If one takes a closer look at the error curve, one can see that the residual errors get very large, particularly for smaller masses. In the region between 500 daltons and 100 daltons, the residual error increases steadily and at an ever-increasing rate. It can be assumed that this residual error is connected to the dynamic acceleration. If the accelerating fields change as the ions are passing through, they no longer represent a conserving system and the ions acquire slightly different final energies E, depending on their velocity, i.e., on their mass. The energy shortfalls are minute. They are larger for low masses than for high masses because the slowly accelerated ions of high mass experience hardly any changes in the acceleration fields. A strictly valid integration over the temporally changing acceleration in the various acceleration regions leads to equations of such complexity that they cannot be used for a calibration.

An aspect of the invention includes making an assumption concerning the effect of the shortfalls in energy, namely that the mass determined from the time of flight t using one of the Equations [1] to [6], assuming a constant acceleration energy EU, is not the mass m, but apparently a reduced mass m−m0, where the value of the mass reduction m0, which is constant for all masses, is extremely small compared to the mass m. The reduction mass m0 is not a mass in the physical sense, although it has the physical dimension of a mass, but rather it is the effect of the mass-dependent shortfall in energy caused by the temporally changing acceleration, which is not taken into account in Equations [1] to [6].

The formal assumption of a reduced mass m−m0 is based simply on the observation that the error becomes relatively larger towards smaller masses. If one introduces the reduced mass m−m0 into Equation [5] and expands it with respect to √m, one obtains a further term c−1×(√m)−1, so that the series expansion is now:
t≈c−1×(√m)−1+c0×(√m)0+c1×(√m)1+c3×(√m)3.  [8]
The reduction mass m0 is obtained from the coefficients of 2c−1/c1. Introducing a reduction mass m0 is therefore equivalent to introducing the term with 1/√m.
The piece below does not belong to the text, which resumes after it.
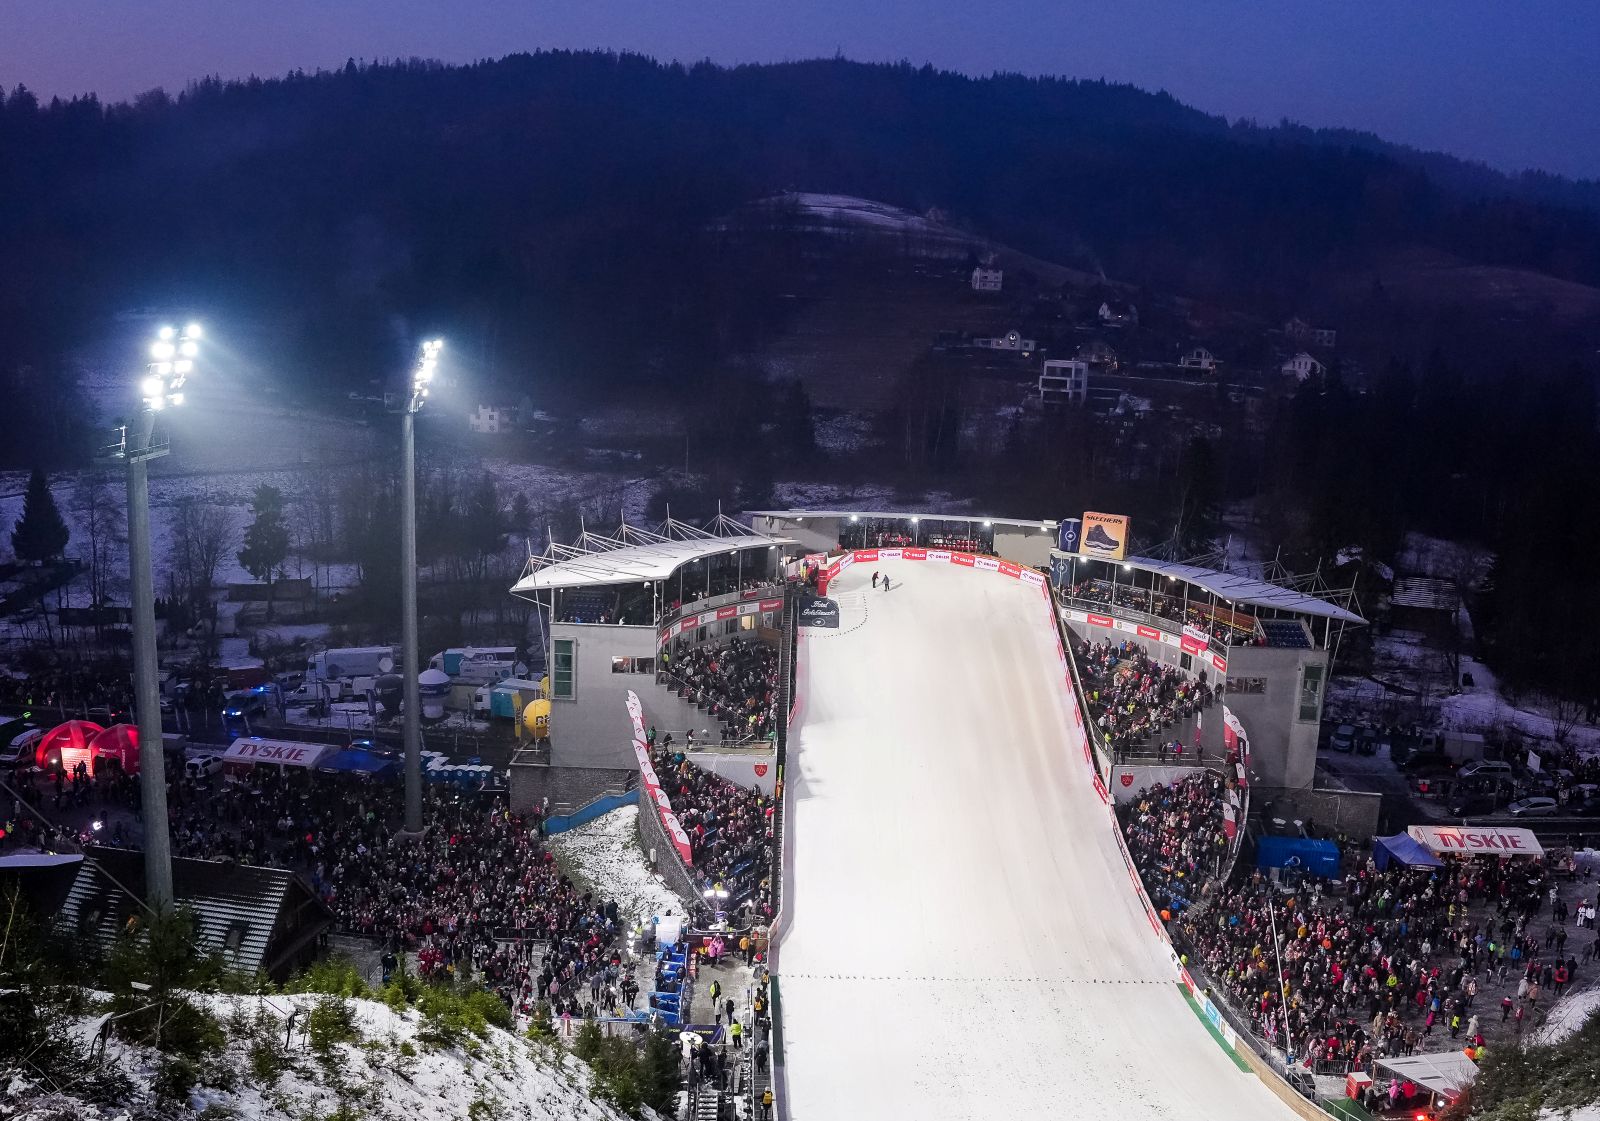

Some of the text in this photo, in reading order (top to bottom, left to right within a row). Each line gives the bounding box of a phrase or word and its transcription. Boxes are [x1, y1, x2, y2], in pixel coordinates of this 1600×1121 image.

Similarly, introducing the reduced mass m−m0 into Equation [6] leads to a constant term:
m=k0+k2(t−t0)hu 2+k4(t−t0)4, where k0=m0.  [9]

The two Equations [8] and [9] have only four coefficients each. Further terms can, of course, be added to both equations, for example with the coefficients c−2, c2, c4, k1 and k3, to improve the accuracy of the fitting. For best results, additional terms should be selected experimentally. The additional terms do not have a physical interpretation.

The calibration curves on the basis of Equations [8] or [9] provide surprisingly good results. With only one added term, i.e. with 5 coefficients each, the systematic residual errors can be reduced to around one to two parts per million of the mass over an extremely wide mass range of between 400 Daltons and over 3,000 Daltons; the statistical errors now dominate. In particular, with this calibration curve, it is possible to extrapolate towards larger masses far beyond the calibrated region with good results, see FIGS. 4 and 5. If, in the future, improved transient recorders allow improved determinations of the times of flight which reduce the statistical errors, then mass accuracies of less than one ppm can be expected, although it is possible that one or two further terms in the series expansion must be added to Equations [8] or [9].

These and other objects, features and advantages of the present invention will become more apparent in light of the following detailed description of preferred embodiments thereof, as illustrated in the accompanying drawings.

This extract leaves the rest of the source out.